Nevertheless, they just... burn. And as I watch these two experiencing some of their own first moments, I can almost FEEL it. They have this amazing chemistry that is, I think, rare between two actors, and sparks burst out of my television at me, and my temperature rises a few degrees just watching them dance together, just dance-- staring into each others' eyes, she can't look away-- even though they ostensibly loathe each other, and I know TGIM is laughing at me because I am flushed and barely breathing, afraid I'll miss even one... little... moment... But I don't even care! I don't! It's like crack, y'all. CRACK.

Not that I would know. About the crack, that is. But I bet it is. For reals, y'all. Just. Like. Crack.

Because I am totally living the story with them, just as I am prone to do when I find myself reading an especially well-done novel. So I figure my obsession with Veronica Mars is perfectly healthy, right? Right?! It's totally normal that my stomach hurts when Veronica and Logan fight, and I ofttimes want to reach into the television and strangle one or the other of them for being so stupid, and I get all tingly when they can't take their eyes off of each other, and when they finally kiss? Hoo, boy! Let's just say TGIM will be getting lucky that night! RAWR!

Good lord. TMI. Scratch that last part.

And the best part is that I know there will be more of those moments coming. My fix, if you will. And I also know that if I am going through withdrawl at some point between episodes, I already have several of these moments TiFauxed for posterity. I know, right?! GENIUS. DVR is a gift, guys. A gift from GOD. So whenever the yearning strikes I can queue up the show and watch that moment over and over and over again-- not that I do or anything because hello? I have a life? (TGIM, SHUT. UP.) But I could, that's all I'm saying.
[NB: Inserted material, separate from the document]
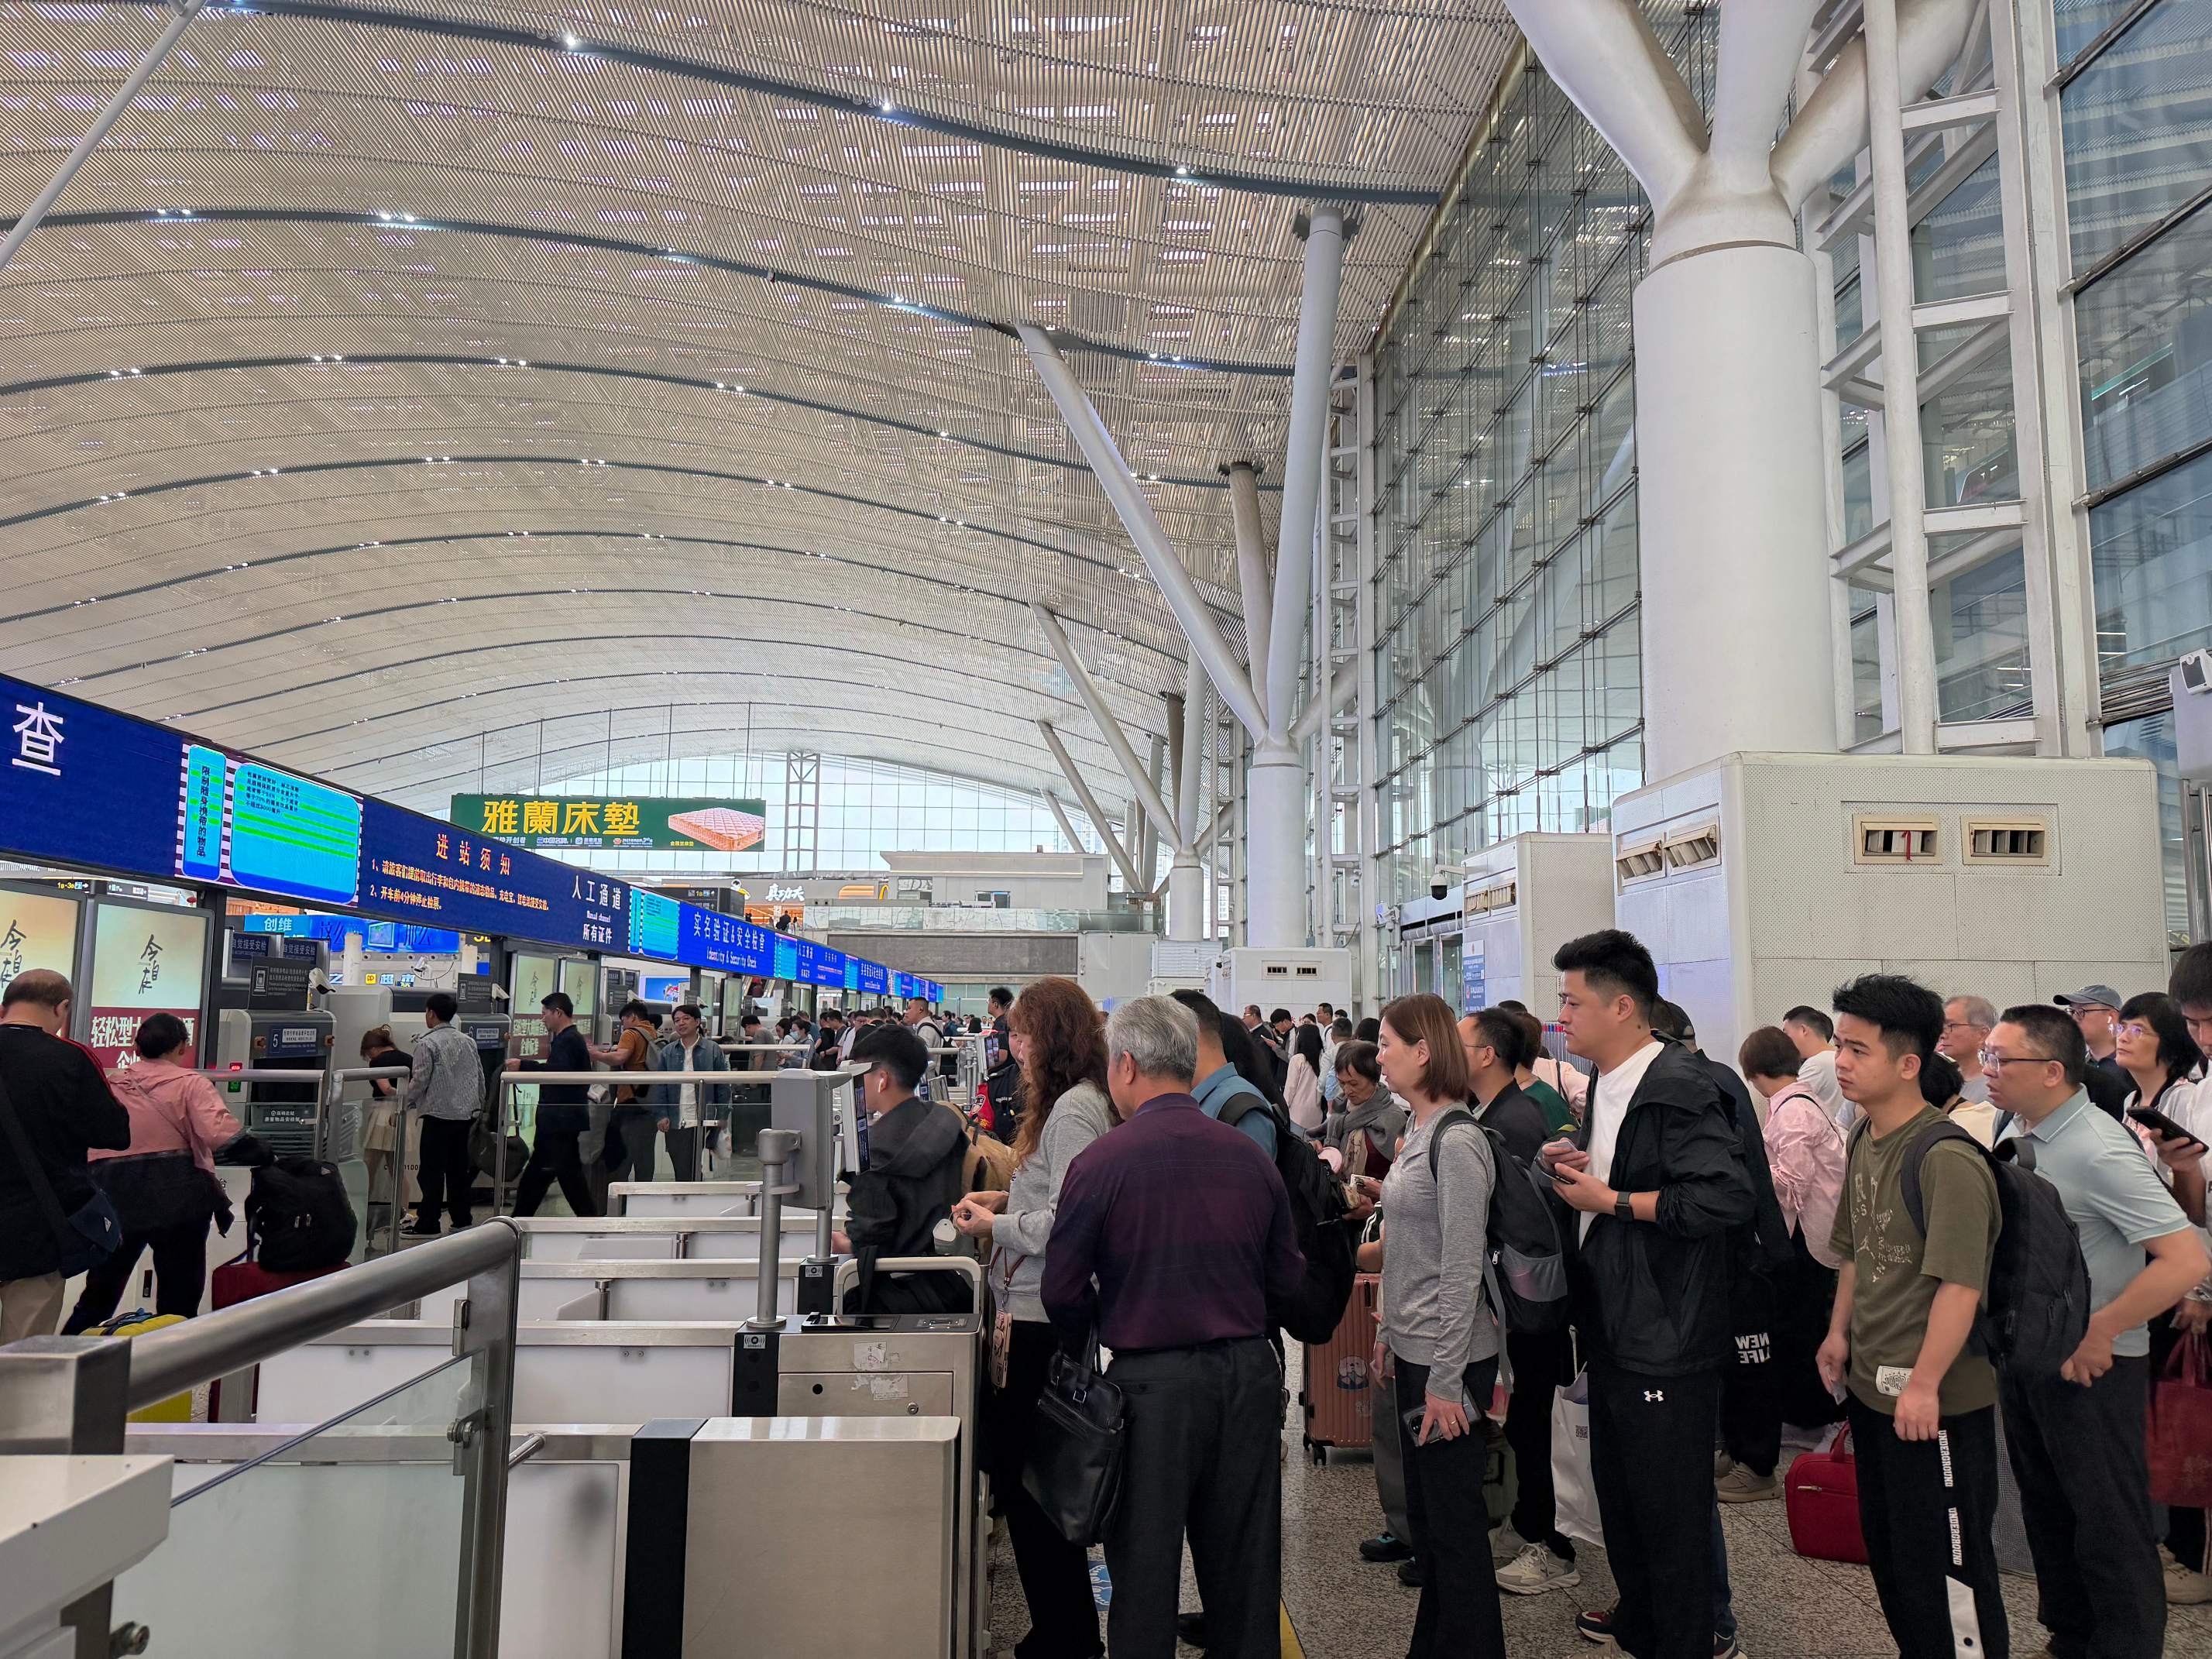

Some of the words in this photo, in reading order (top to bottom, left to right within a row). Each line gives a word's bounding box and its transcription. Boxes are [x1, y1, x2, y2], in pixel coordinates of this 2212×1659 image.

And amazingly, experiencing life vicariously through these characters does assuage the yearning a bit. Thus the obsession. So mock me if you will, but dude... that's quality entertainment.
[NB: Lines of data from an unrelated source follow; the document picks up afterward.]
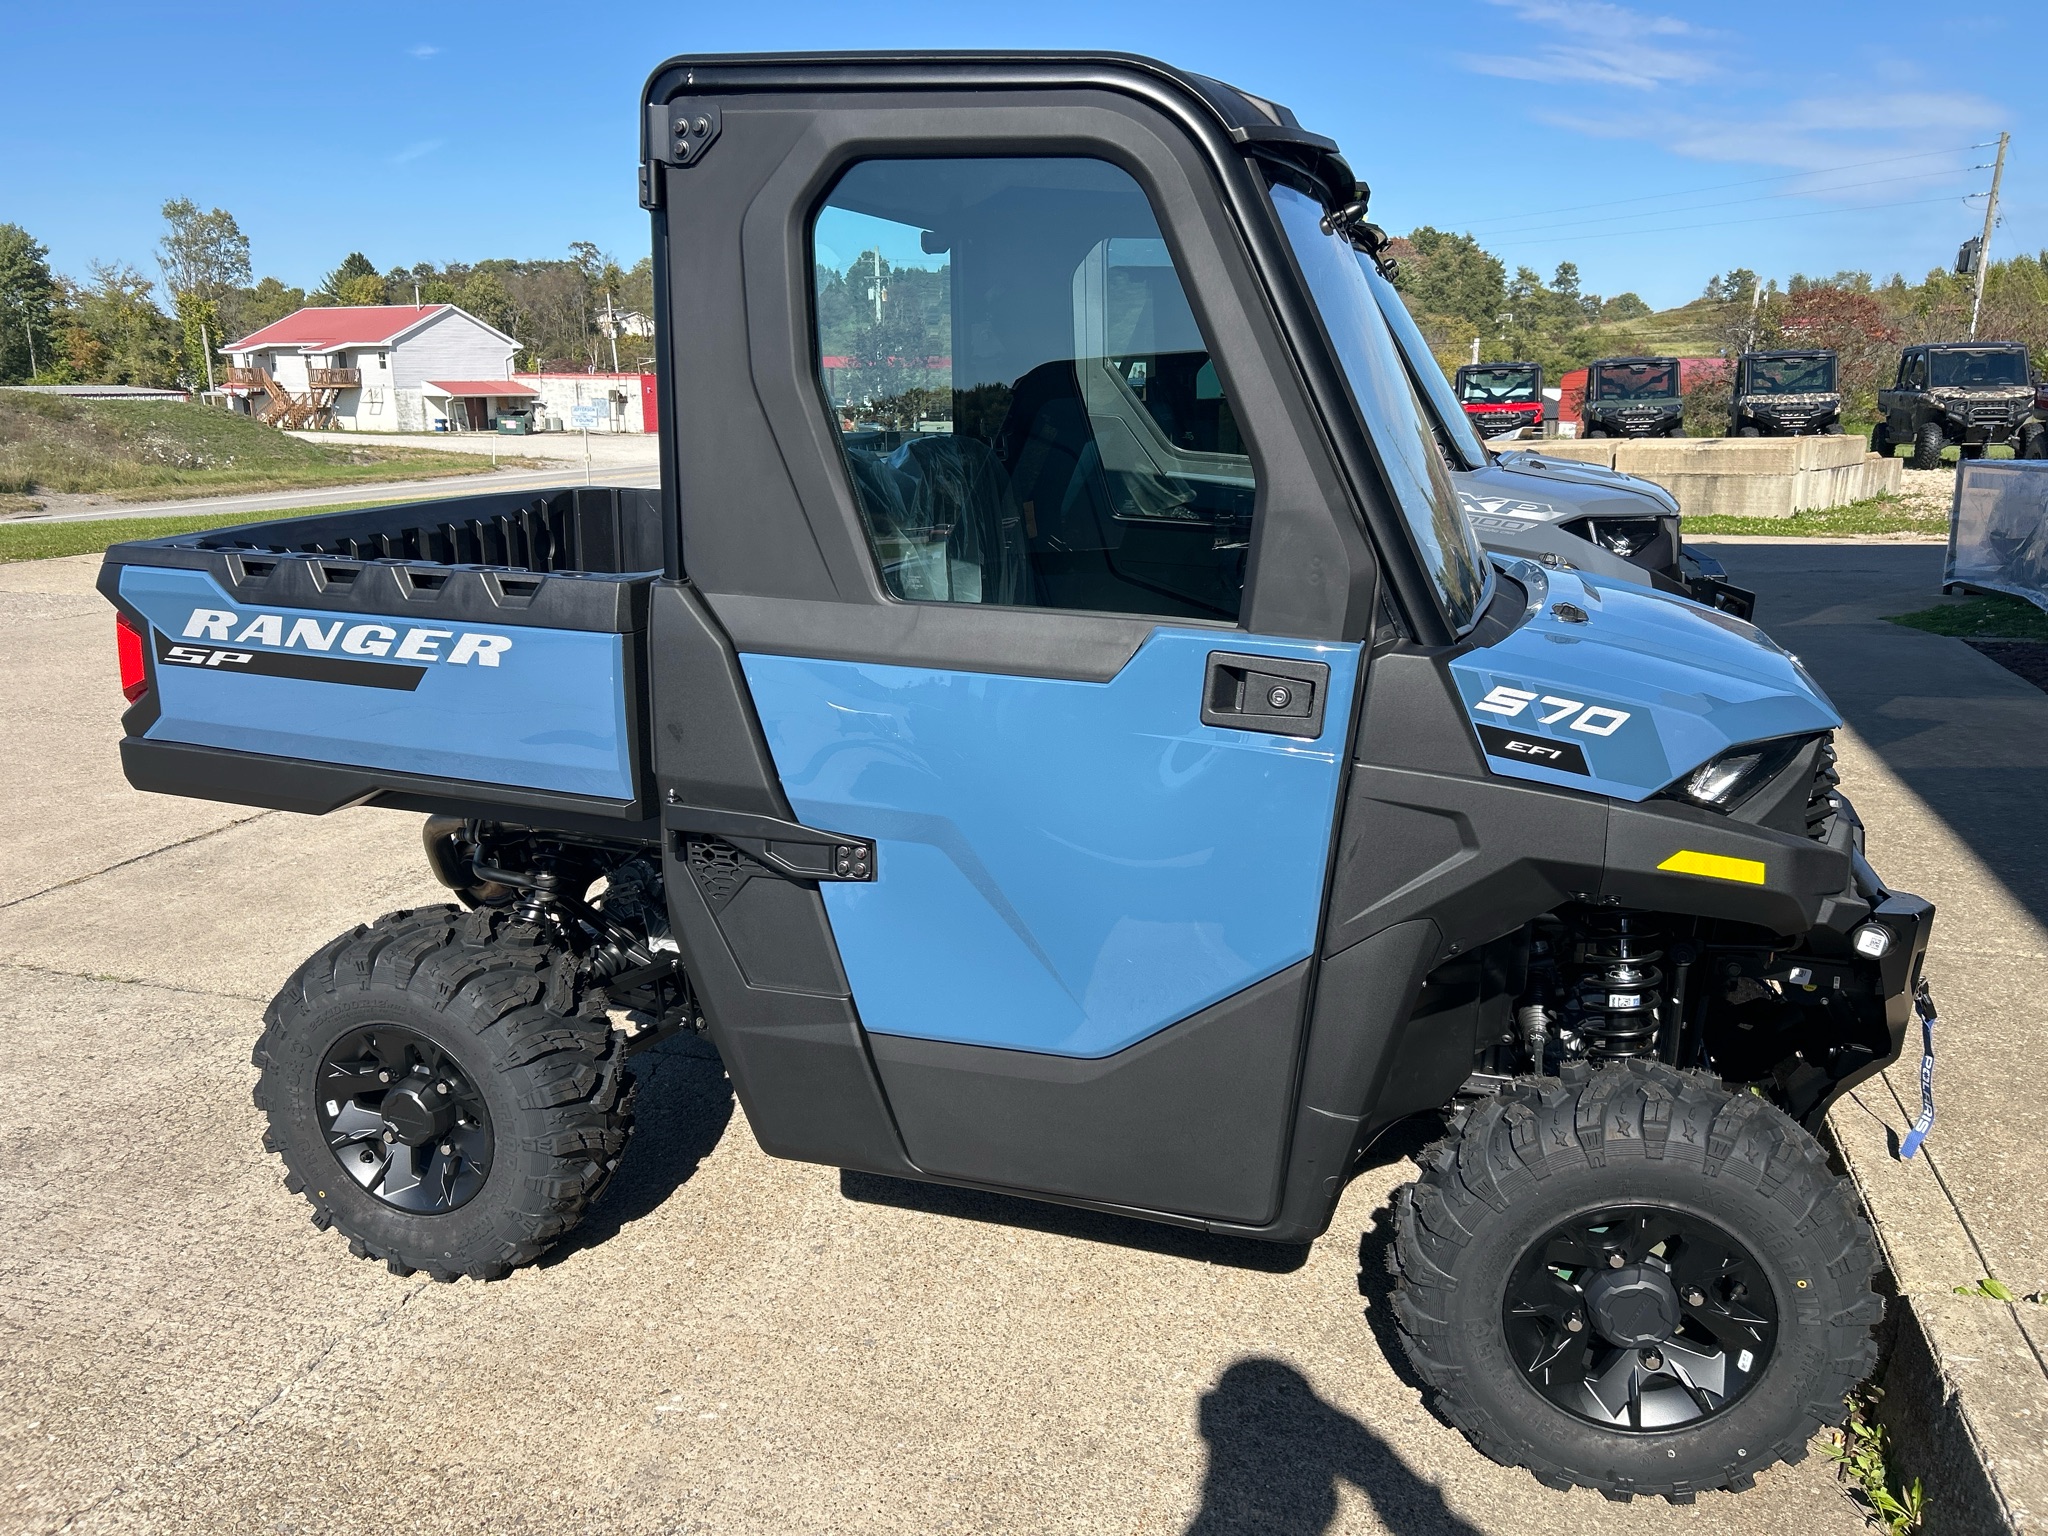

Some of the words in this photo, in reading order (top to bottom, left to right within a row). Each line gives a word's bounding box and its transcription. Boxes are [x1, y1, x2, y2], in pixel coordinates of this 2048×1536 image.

[163, 646, 253, 667] SP
[181, 608, 513, 668] RANGER
[1474, 685, 1631, 737] 570
[1504, 740, 1563, 760] EFI
[1915, 1055, 1933, 1134] POLARIS
link | posted by Cat at 12:55 PM


7 Comments:
Blogger Unknown commented:

I also absolutly love Logan and Veronica together. I agree with everything you were saying about how their firsts are like your firsts. As I start getting older, I feel I have to live firsts over again through book characters and tv characters.

» 4/17/2006 2:01 PM 
Anonymous Anonymous commented:

Huh. Now I'm trying to think of all the television shows I watch and figure out why I like them...in the case of Grey's Anatomy/Scrubs and Alias, it's because I want to experience their occupations vicariously. I've always wanted to be a doctor (and a spy). But what about Lost...? Ooh I know! I've always wanted to be stranded on an island with some seriously fine men.
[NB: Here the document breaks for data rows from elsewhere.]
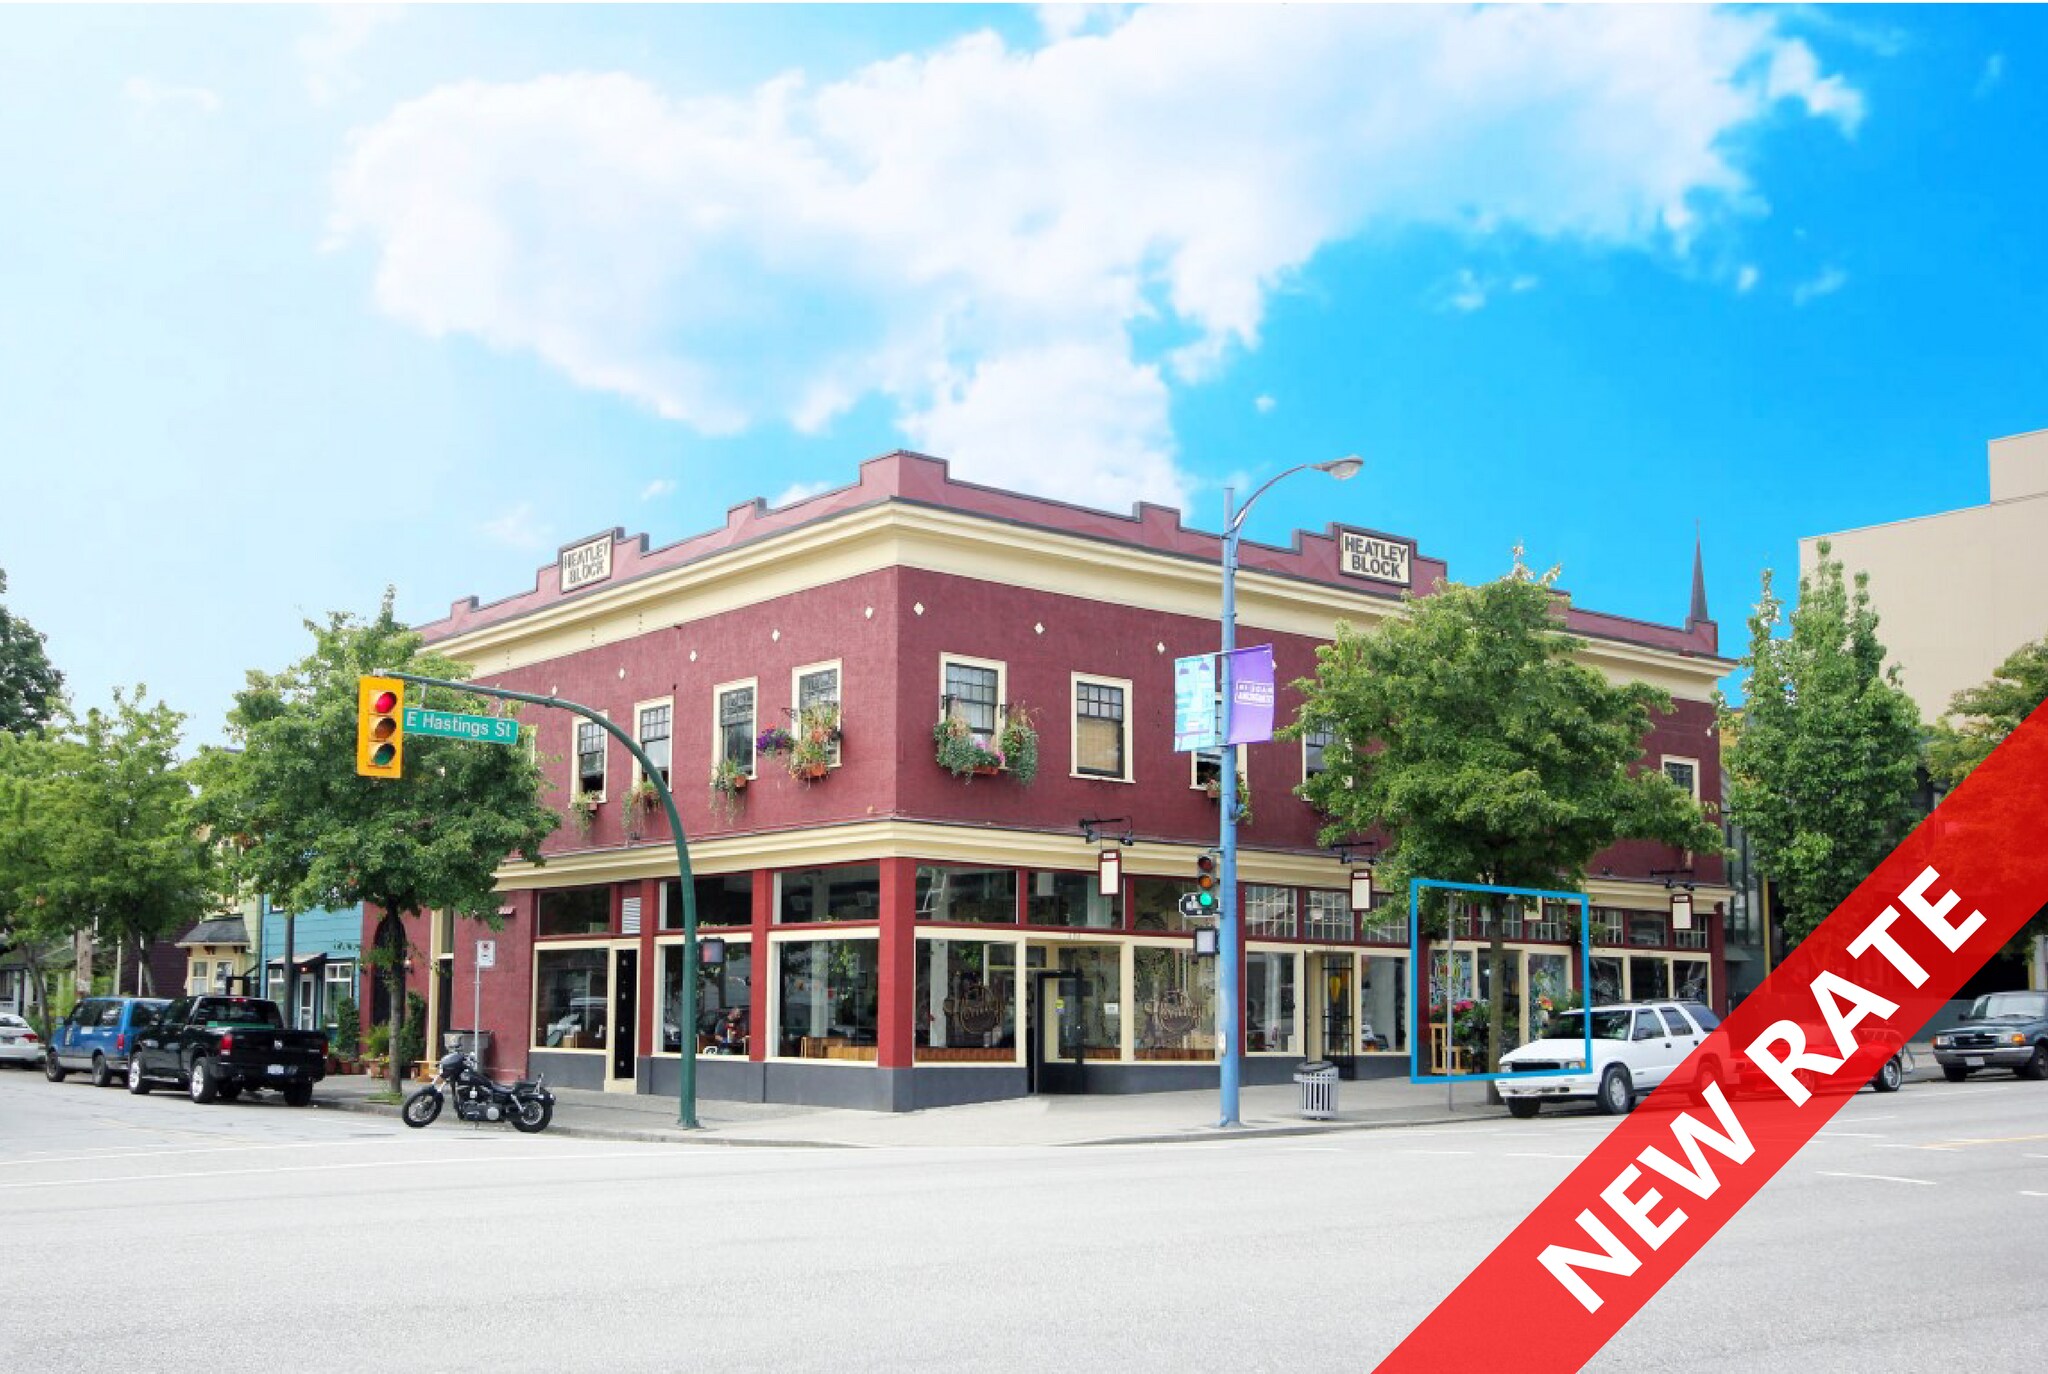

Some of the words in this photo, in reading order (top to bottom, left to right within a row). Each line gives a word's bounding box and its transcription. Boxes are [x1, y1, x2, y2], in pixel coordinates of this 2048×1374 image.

[564, 541, 608, 570] HEATLEY
[1344, 535, 1407, 563] HEATLEY
[568, 560, 604, 584] BLOCK
[1352, 554, 1401, 579] BLOCK
[406, 711, 418, 727] E
[422, 713, 489, 737] Hastings
[495, 722, 511, 737] St
Speaking of, say hi to TGYM. ;)

» 4/17/2006 7:45 PM 
Blogger Not-So-Normal-Mom commented:

I hate to say this, Cat, but I have never watched a single episode of VM. I think I totally will after reading this post. Do I need to know much to catch up???? BTW, the "tingly naughty bits" part of your post made me snicker like Beevis and Butthead. Really nice post, though. I started thinking of my hubby and I's firsts, and it made me tingly and happy. Thanks:-)

» 4/17/2006 11:32 PM 
Blogger WILLIAM commented:

Would'nt be cool if life had a TiFaux so you could replay the Esprit bag incident?

» 4/18/2006 6:15 AM 
Blogger Unknown commented:

It's been a while since I've said it -- are you ready?

I heart you Cat. ;)

» 4/18/2006 7:07 AM 
Blogger LadyBug commented:

Oooh, it's just like when Sam and Diane kissed for the first time, and then they had that whole love/hate thing....I totally see what you mean.

Hee. I'm kidding. I'm KIDDING, Cat. I did NOT seriously compare your favorite TV show ever, ever, ever in the whole wide world, Amen, to Cheers. It was a JOKE, Cat. Stop looking at me that way. You'll burn a hole through your monitor.

» 4/18/2006 7:47 AM 
Blogger Amy commented:

Hee. This was fun. I love firsts, too. Oh the thrill of sitting beside the boy I loved with every hair on my head and him putting his arm around my back while fireworks went off in my head!

Two girls were sitting in front of me in class a few weeks ago. They were probably 20, and totally cute. And one said, "Where's your essay? It's due today!"
And the other one said, sheepishly, "Veronica Mars. Season One."

I almost leaned forward and said, "My friend Cat LOVES that show!"